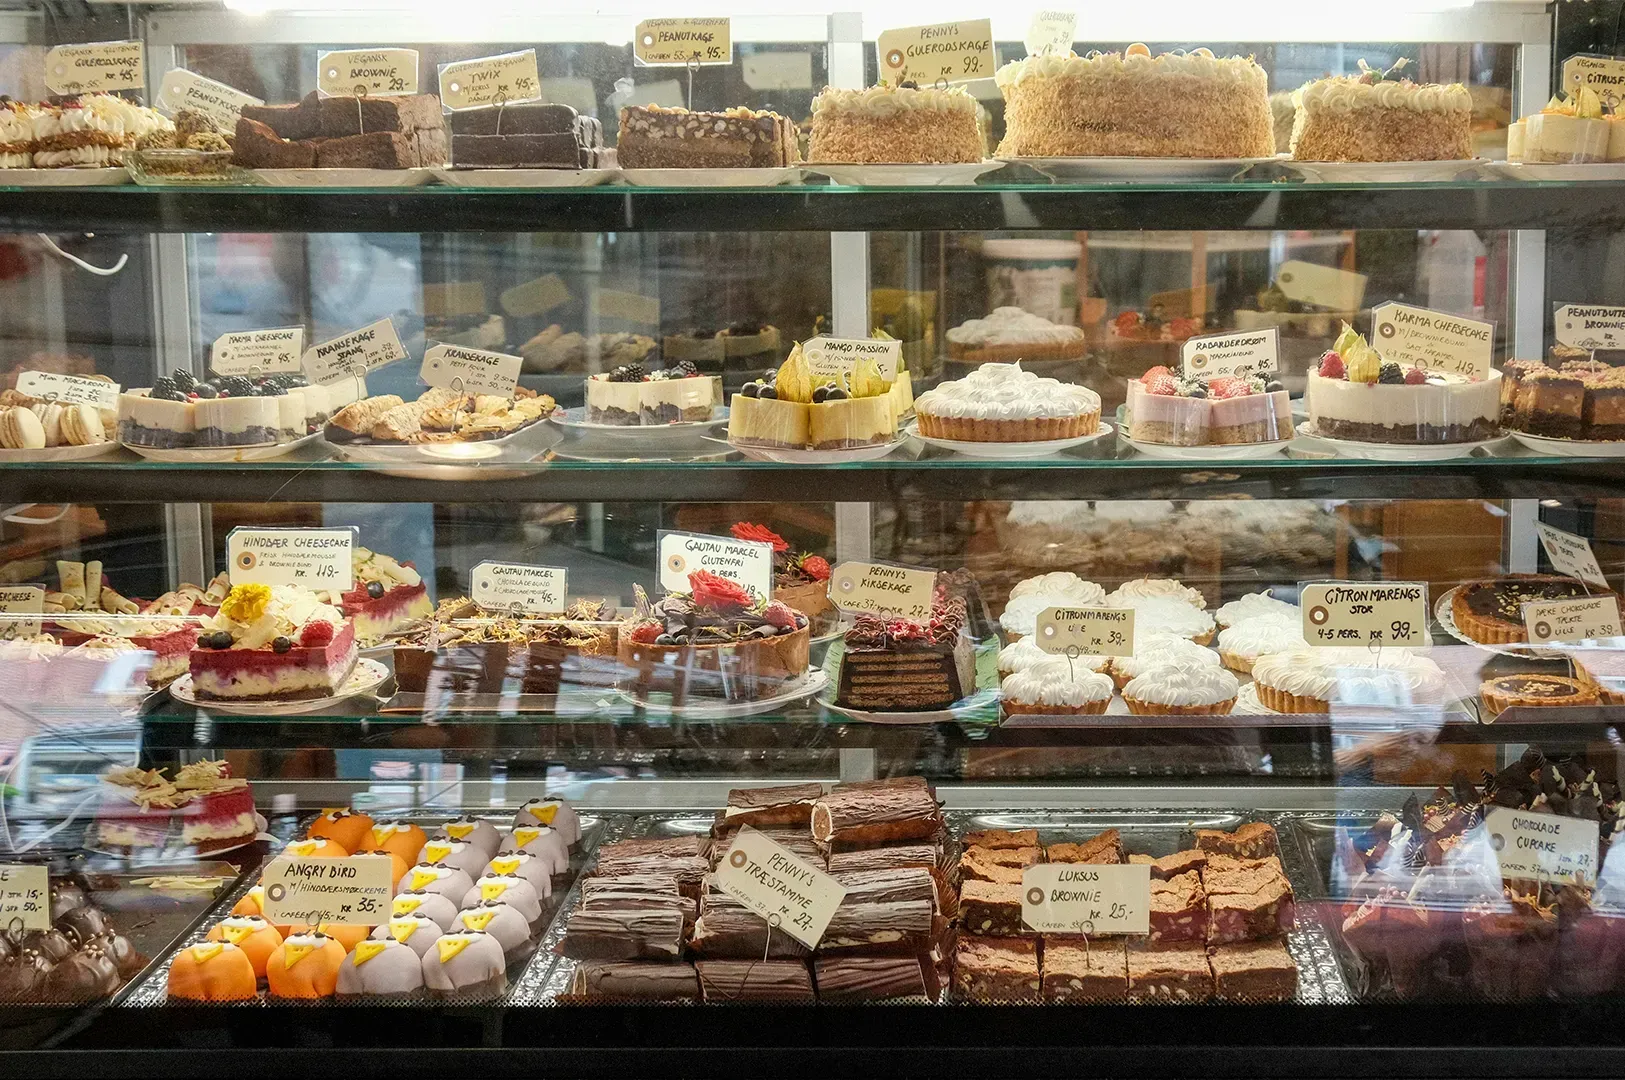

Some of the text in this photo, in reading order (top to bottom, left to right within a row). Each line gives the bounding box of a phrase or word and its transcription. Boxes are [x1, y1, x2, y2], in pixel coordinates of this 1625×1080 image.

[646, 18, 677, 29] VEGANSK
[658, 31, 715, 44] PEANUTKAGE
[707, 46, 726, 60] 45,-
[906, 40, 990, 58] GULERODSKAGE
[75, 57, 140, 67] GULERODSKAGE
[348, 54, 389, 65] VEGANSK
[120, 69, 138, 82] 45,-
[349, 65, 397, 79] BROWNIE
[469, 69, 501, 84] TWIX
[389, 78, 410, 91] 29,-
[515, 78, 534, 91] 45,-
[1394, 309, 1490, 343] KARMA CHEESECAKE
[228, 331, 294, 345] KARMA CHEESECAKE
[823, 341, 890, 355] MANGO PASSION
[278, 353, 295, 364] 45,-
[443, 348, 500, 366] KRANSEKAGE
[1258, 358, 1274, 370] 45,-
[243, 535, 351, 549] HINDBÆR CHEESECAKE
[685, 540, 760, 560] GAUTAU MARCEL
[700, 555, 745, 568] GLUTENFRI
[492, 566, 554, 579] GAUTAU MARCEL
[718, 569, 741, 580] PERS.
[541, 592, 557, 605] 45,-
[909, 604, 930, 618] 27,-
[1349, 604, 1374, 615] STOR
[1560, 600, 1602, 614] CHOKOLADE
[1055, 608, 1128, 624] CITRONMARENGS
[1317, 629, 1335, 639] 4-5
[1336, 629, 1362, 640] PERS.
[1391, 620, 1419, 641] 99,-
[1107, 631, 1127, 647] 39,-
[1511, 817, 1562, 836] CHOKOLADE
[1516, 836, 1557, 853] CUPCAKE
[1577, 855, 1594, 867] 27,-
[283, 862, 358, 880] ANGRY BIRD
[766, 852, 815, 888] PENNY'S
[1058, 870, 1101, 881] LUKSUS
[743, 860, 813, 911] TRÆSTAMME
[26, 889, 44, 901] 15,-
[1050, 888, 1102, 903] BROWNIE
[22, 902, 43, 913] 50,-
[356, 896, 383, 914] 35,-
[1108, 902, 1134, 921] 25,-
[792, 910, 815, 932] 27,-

### EXERCISE DETAILS
Repeat the entries verbatim; no pictures.

### RESPONSE AREA
Some of the text in this photo, in reading order (top to bottom, left to right within a row). Each line gives the bounding box of a phrase or word and its transcription. Boxes are [x1, y1, x2, y2], in pixel coordinates of this 1625×1080 image.

[646, 18, 677, 29] VEGANSK
[658, 31, 715, 44] PEANUTKAGE
[707, 46, 726, 60] 45,-
[906, 40, 990, 58] GULERODSKAGE
[75, 57, 140, 67] GULERODSKAGE
[348, 54, 389, 65] VEGANSK
[120, 69, 138, 82] 45,-
[349, 65, 397, 79] BROWNIE
[469, 69, 501, 84] TWIX
[389, 78, 410, 91] 29,-
[515, 78, 534, 91] 45,-
[1394, 309, 1490, 343] KARMA CHEESECAKE
[228, 331, 294, 345] KARMA CHEESECAKE
[823, 341, 890, 355] MANGO PASSION
[278, 353, 295, 364] 45,-
[443, 348, 500, 366] KRANSEKAGE
[1258, 358, 1274, 370] 45,-
[243, 535, 351, 549] HINDBÆR CHEESECAKE
[685, 540, 760, 560] GAUTAU MARCEL
[700, 555, 745, 568] GLUTENFRI
[492, 566, 554, 579] GAUTAU MARCEL
[718, 569, 741, 580] PERS.
[541, 592, 557, 605] 45,-
[909, 604, 930, 618] 27,-
[1349, 604, 1374, 615] STOR
[1560, 600, 1602, 614] CHOKOLADE
[1055, 608, 1128, 624] CITRONMARENGS
[1317, 629, 1335, 639] 4-5
[1336, 629, 1362, 640] PERS.
[1391, 620, 1419, 641] 99,-
[1107, 631, 1127, 647] 39,-
[1511, 817, 1562, 836] CHOKOLADE
[1516, 836, 1557, 853] CUPCAKE
[1577, 855, 1594, 867] 27,-
[283, 862, 358, 880] ANGRY BIRD
[766, 852, 815, 888] PENNY'S
[1058, 870, 1101, 881] LUKSUS
[743, 860, 813, 911] TRÆSTAMME
[26, 889, 44, 901] 15,-
[1050, 888, 1102, 903] BROWNIE
[22, 902, 43, 913] 50,-
[356, 896, 383, 914] 35,-
[1108, 902, 1134, 921] 25,-
[792, 910, 815, 932] 27,-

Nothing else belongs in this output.